Description of the files available for download¶
Directory comp_stat/ contains python scripts related to the computation of summary statistics from simulated or observed genomic samples :
- simul_data.py simulates genomic samples with ms and computes AFS, zygotic LD and IBS statistics from these samples. Results are stored in sub-directory res/. Simulation settings (sample size, genome size, prior distributions ...) are as described in the manuscript.
- simul_data_ex1.py is a modified version of this script, where simulation settings have been adapted to the quick start example.
- simul_stat.py computes the same summary statistics, but uses genomic samples that have already been simulated and stored by a previous call of simul_data.py. This allows to compute summary statistics using a smaller sample size or different minor allele frequency (MAF) thresholds.
- stat_from_vcf.py computes the same summary statistics, for observed genomic samples in vcf format.
- stat_from_vcf_ex1.py is a modified version of this script used for the quick start example.
- stat_from_beagle.py computes the same summary statistics, for observed genomic samples in beagle output format.
- other files and sub-directories include internal routines that are not directly called by the user. They are only of interest for advanced users who would like to modify the program.
Directory comp_stat.1/ is exactly equivalent to directory comp_stat/, except that internal functions allowing to simulate genomic samples are based on msprime instead of ms.
Directory cattle_data/ contains two example data sets, taken from the cattle data analyzed in the manuscript. These data can be used to test the functions stat_from_vcf.py and stat_from_beagle.py described above:
- File Chr1.vcf.gz provides raw genotypes of the 1000 bull genomes project phase II, at vcf format, for a small region of chromosome 1.
- Files Chr1.phase.gz and Chr1.map.gz provide haplotyes inferred by Beagle for the 000 bull genomes project phase II, for a small region of chromosome 29.
- File indiv.ped provides the pedigree of all animals, and in particular their breed of origin.
- Files list_indiv_Angus.txt, list_indiv_Fleckvieh.txt, list_indiv_Holstein.txt and list_indiv_Jersey.txt indicate the subset of animals selected in each breed for computing summary statistics.
URLs to download all original BAM files produced by the 1000 bull genomes project phase II, and scripts to process them into vcf and beagle files, can be found in Daetwyler et al (2014).
Directory simu_stat/, simu_stat2/ and cattle_stat/ contain the main data sets that have been used in the manuscript :
- simu_n50_s100.params and simu_n50_s100_mac1_macld1.stat include the parameter values and summary statistics for approximately 250,000 simulated histories, as obtained from simul_data.py when no MAF threshold is used. simu_n50_s100_mac10_macld10.stat includes the same summary statistics, for the same histories, when using a MAF theshold of 20%. These simulated datasets are a subset of the ones we used in the manuscript for ABC estimation (which generally included 200,000 additional replicates).
- simu_n30_s100_mac6_macld6.stat includes the same summary statistics, for the same histories, using a MAF threshold of 20% and a sample size of 15 rather than 25 diploids. This was the data set used for estimating population size history in the Jersey breed.

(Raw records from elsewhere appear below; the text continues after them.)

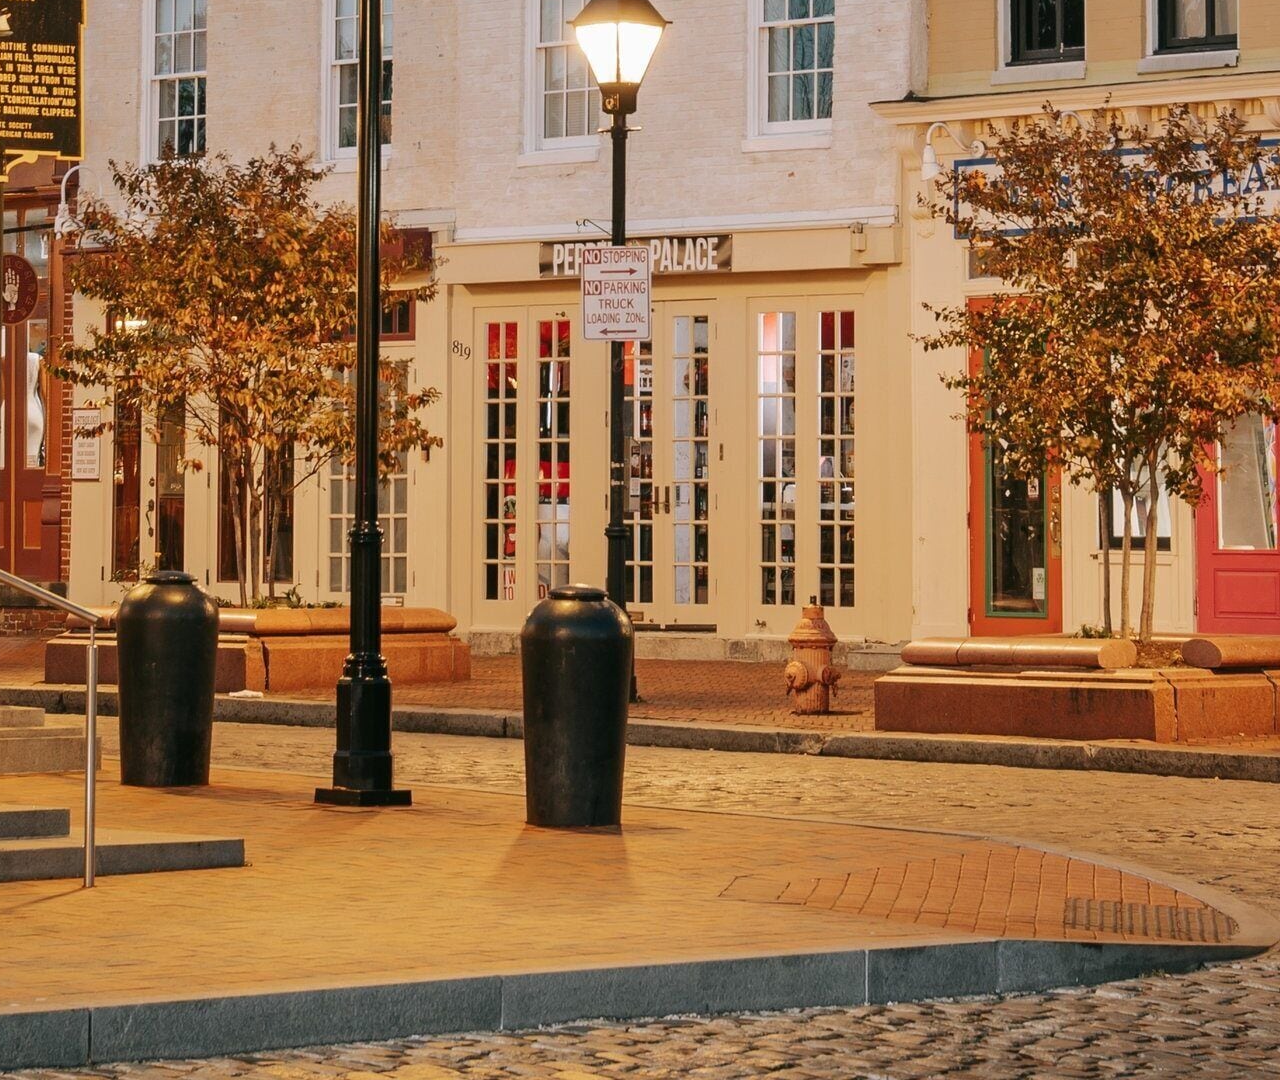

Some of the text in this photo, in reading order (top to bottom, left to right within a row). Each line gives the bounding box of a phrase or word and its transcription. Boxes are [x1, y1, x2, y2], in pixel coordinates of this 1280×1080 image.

[32, 43, 76, 54] COMMUNITY
[6, 63, 13, 72] IN
[17, 63, 33, 73] THIS
[35, 64, 54, 74] AREA
[57, 66, 76, 75] WERE
[19, 75, 39, 83] SHIPS
[41, 75, 60, 85] FROM
[63, 77, 76, 86] THE
[12, 85, 30, 94] CIVIL
[62, 98, 76, 107] AND
[3, 106, 39, 115] BALTIMORE
[8, 121, 32, 130] SOCIETY
[23, 132, 54, 140] COLONISTS
[585, 250, 646, 264] NO STOPPING
[650, 237, 718, 272] PALACE
[585, 281, 646, 295] NO PARKING
[598, 298, 634, 309] TRUCK
[587, 313, 620, 324] LOADING
[452, 340, 471, 360] 819
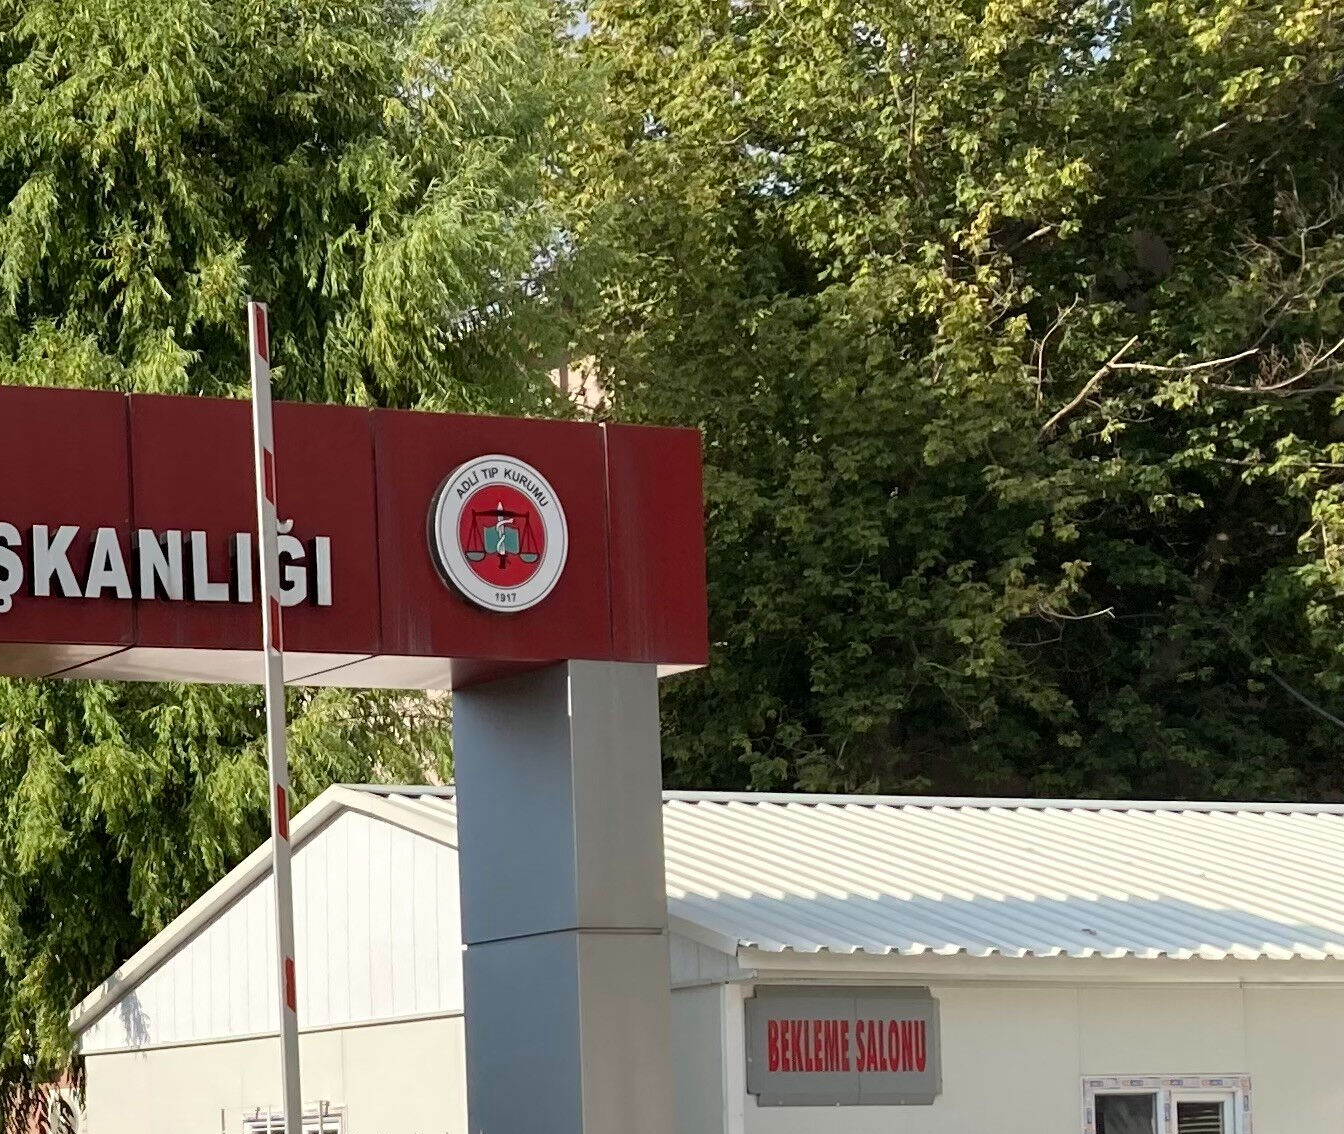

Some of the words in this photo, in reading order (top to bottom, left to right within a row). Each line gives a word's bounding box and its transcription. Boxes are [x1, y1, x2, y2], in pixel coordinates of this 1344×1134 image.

- Angus_n50_mac10_macld10.stat, Holstein_n50_mac10_macld10.stat, Fleckvieh_n50_mac10_macld10.stat and Jersey_n30_mac6_macld6.stat provide the summary statistics coputed in the 4 cattle breeds with a MAF threshold of 20%, as obtained from stat_from_beagle.py. For the Holstein breed, we also provide the statistics when no MAF threshold was used, in Holstein_n50_mac1_macld1.stat.
Directory estim/ contains examples of R scripts that can be used for ABC estimation :
- abc_cv.R computes prediction errors estimated from 100 random histories, and plots these errors as we did in the manuscript. ABC estimations are based on the simulated data sets described above. As this is only an illustration, some parameters were modified compared to the analysis showed in the manuscript, in order to reduce computation time. In particular, only 100 (rather than 2,000) histories were used, and ridge rather than neural network regression was used for ABC estimation.
- abc_cv_ex1.py is a modified version of this script, where parameter values have been adapted to the quick start example.
- abc_holstein.R estimates the population size history in Holstein, based on the simulated and observed statistics described above.
- abc_ex1.py is a modified version of this script, where parameter values have been adapted to the quick start example.
- other files include internal functions that are not directly called by the user. They are only of interest for advanced users who would like to modify the program.